The baseball bat felt like a lead pipe in my hands. Sixth time up, sixth strikeout — I was basically a walking zombie at this point, running on two hours of sleep and three Red Bulls. The varsity team needed me, but honestly? I needed to quit everything and hibernate until college.

"You good, Marcus?" Jordan asked from the dugout bench. He was my best friend, the kind who noticed when I was spiraling before I even realized it myself.

"I'm fine," I lied, adjusting my helmet. "Just tired."

"You've been 'just tired' for like three weeks, man. That's not tired, that's —"

"Batter UP!" Coach yelled, cutting him off.

I stepped to the plate. The pitcher wound up, and I swung at pure air. Again.

Then everything changed.

Lightning fractured the sky beyond the outfield fence — brilliant, electric veins across purple twilight. The umpire shouted something about suspending the game, but I couldn't move. I was frozen in that moment, all the pressure and expectations and exhaustion hitting me at once like a physical weight.

Jordan's hand landed on my shoulder. "Hey. Zombie moment?"

"Yeah," I breathed. "Total zombie mode."

"Wanna bounce? I've got Fortnite and leftover pizza at my place. We can be zombies together."

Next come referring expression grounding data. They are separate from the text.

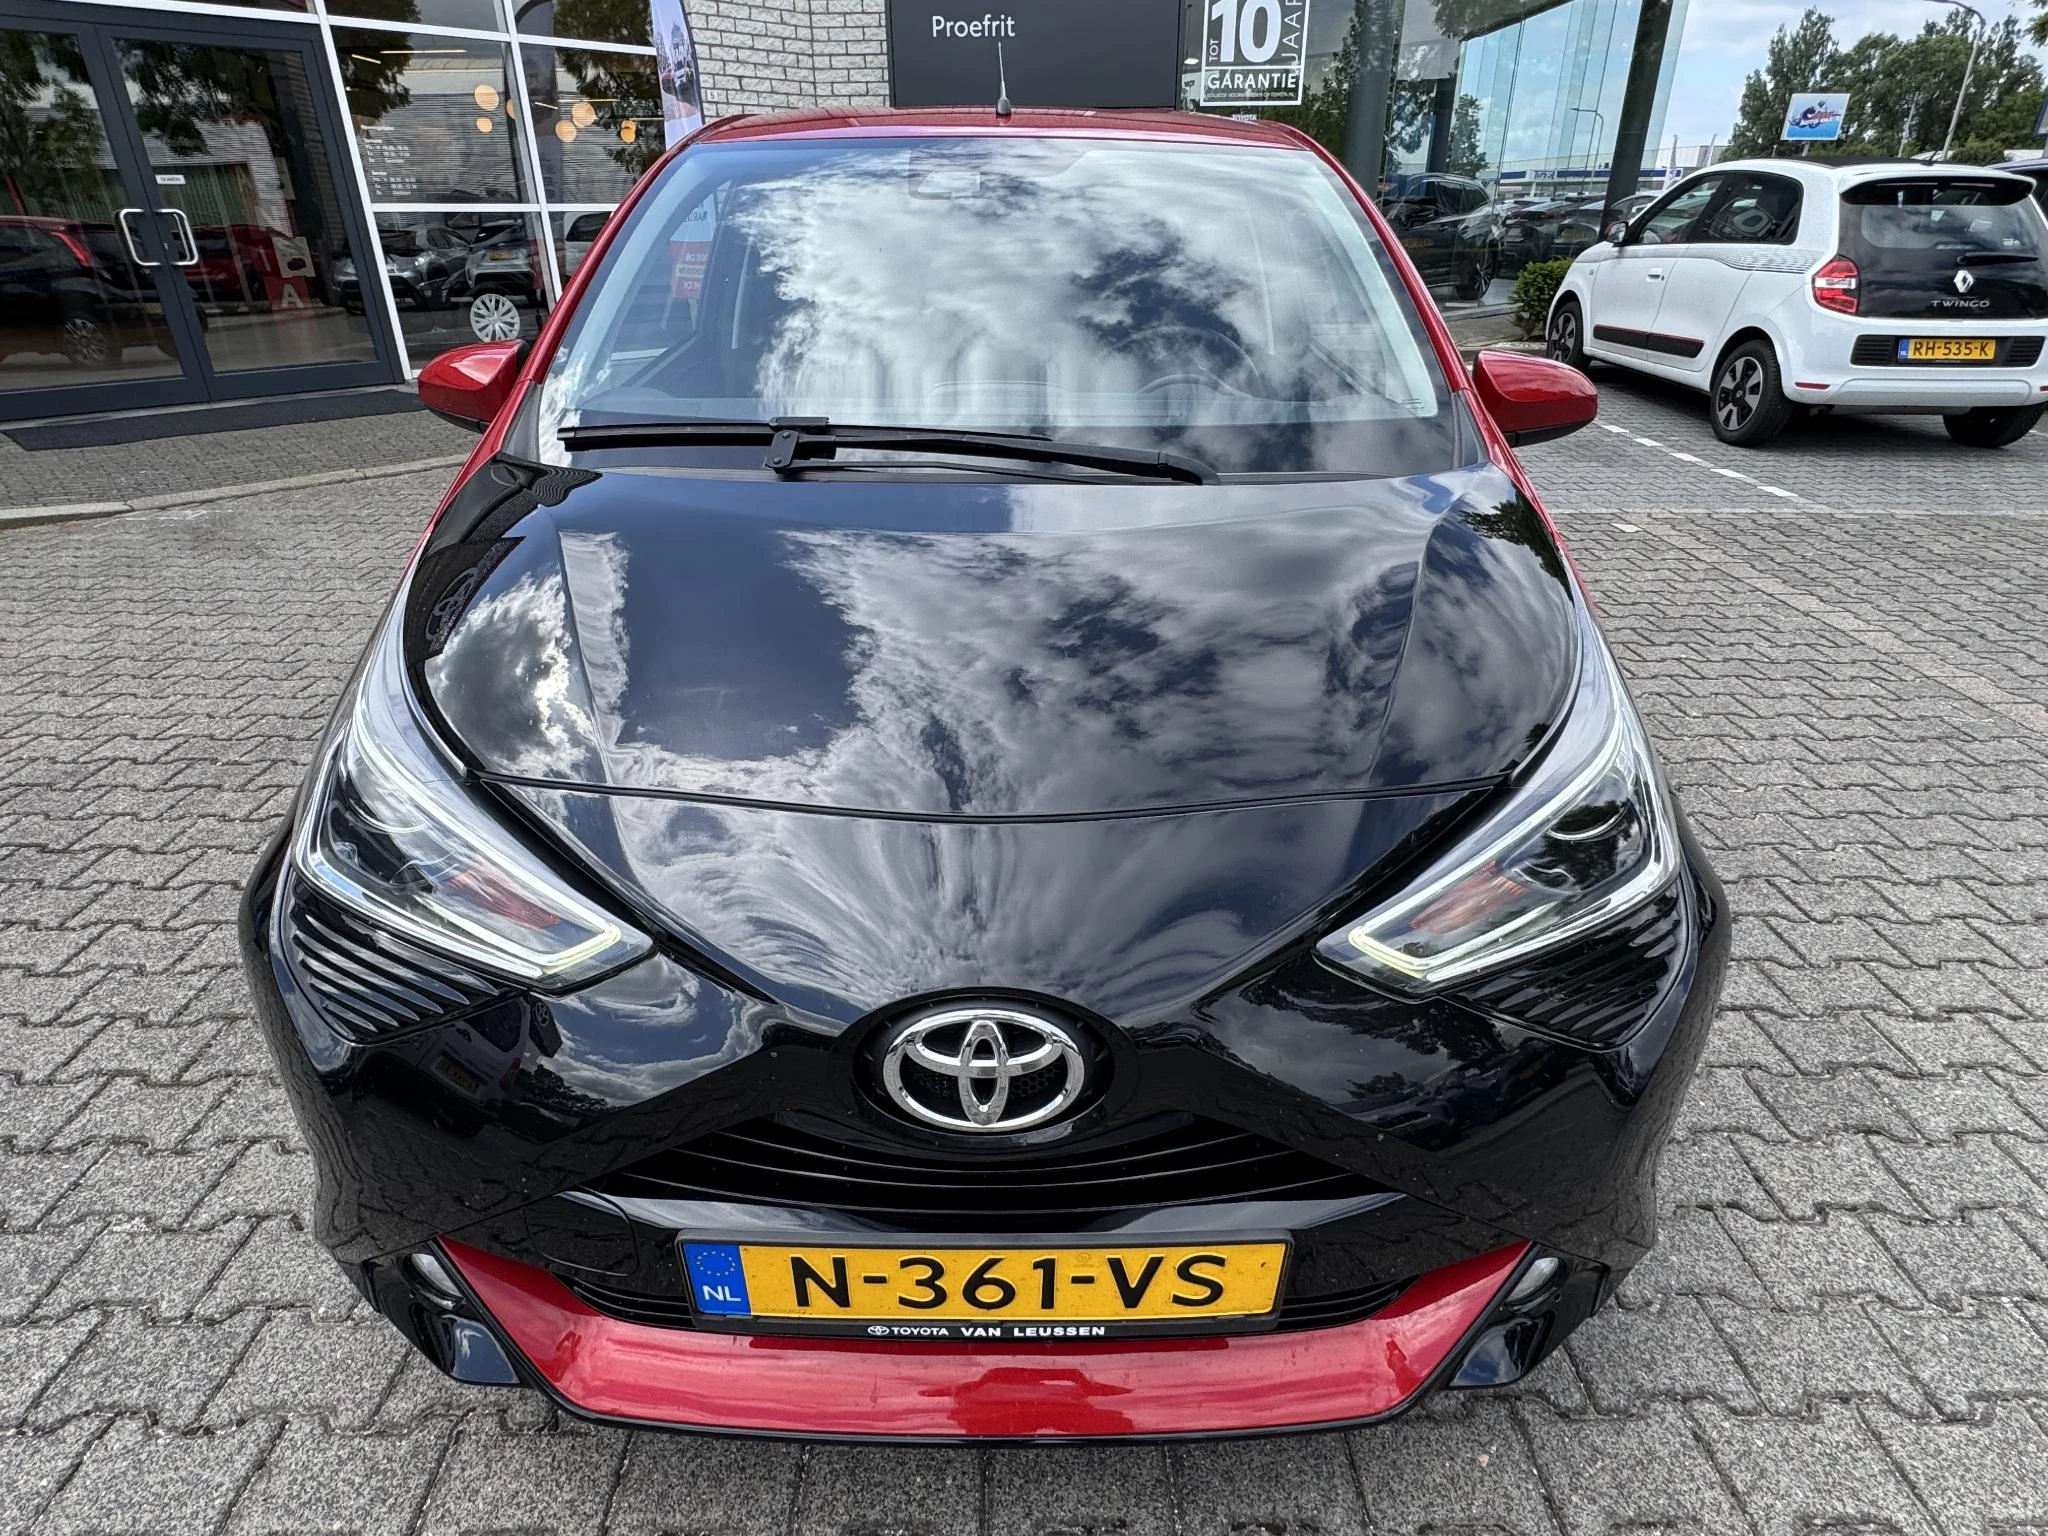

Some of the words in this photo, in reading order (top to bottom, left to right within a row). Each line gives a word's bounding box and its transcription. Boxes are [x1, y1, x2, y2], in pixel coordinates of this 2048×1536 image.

[932, 13, 1016, 38] Proefrit
[1210, 0, 1282, 63] 10
[1208, 38, 1220, 63] TOT
[1206, 72, 1298, 90] GARANTIE
[1930, 300, 1990, 308] TWINGO
[1912, 340, 1990, 357] RH-535-K
[789, 1253, 1228, 1311] N-361-VS
[701, 1284, 742, 1303] NL
[890, 1326, 950, 1336] TOYOTA
[960, 1326, 1001, 1337] VAN
[1013, 1326, 1106, 1337] LEUSSEN

I looked at the field, at my teammates scattering toward the dugout, at the storm brewing overhead. Then I looked at Jordan, who'd been trying to pull me out of my fog for weeks.

"Actually," I said, "can we just talk? Like, really talk? About everything?"

Jordan grinned. "Finally. Took you long enough."

We walked to his car in the first raindrops, leaving the baseball field behind. Some games you lose. But sometimes, that's how you find what actually matters.